Required work: Identify all lines below that hold "PROMISES" and collect them.

Stored data:
--- START ---
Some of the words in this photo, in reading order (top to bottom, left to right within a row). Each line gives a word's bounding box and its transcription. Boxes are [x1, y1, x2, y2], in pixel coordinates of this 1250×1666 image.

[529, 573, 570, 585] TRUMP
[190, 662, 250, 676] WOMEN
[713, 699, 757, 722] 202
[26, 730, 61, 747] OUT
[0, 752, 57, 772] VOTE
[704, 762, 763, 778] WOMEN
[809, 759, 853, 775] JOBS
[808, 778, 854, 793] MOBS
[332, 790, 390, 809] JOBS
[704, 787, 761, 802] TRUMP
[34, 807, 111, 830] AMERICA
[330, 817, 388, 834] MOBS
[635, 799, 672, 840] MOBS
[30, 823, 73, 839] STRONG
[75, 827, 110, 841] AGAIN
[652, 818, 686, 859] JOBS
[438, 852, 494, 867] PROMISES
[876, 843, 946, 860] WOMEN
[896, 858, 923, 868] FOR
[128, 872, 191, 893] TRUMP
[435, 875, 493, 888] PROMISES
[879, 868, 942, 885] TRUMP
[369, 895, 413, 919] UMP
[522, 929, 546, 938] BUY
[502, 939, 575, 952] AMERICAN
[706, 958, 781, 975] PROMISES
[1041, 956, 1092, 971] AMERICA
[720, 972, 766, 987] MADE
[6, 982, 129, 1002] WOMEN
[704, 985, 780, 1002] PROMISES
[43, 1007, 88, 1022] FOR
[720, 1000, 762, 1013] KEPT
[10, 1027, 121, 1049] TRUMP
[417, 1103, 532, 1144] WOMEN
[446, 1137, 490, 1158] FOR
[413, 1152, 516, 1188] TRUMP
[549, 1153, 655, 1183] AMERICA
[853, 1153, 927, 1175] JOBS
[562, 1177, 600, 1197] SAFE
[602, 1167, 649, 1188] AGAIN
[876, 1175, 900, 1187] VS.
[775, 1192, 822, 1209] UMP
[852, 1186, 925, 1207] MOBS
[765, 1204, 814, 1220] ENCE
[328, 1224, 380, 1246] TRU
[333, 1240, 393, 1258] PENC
--- END ---
Reply to the task:
[438, 852, 494, 867] PROMISES
[435, 875, 493, 888] PROMISES
[706, 958, 781, 975] PROMISES
[704, 985, 780, 1002] PROMISES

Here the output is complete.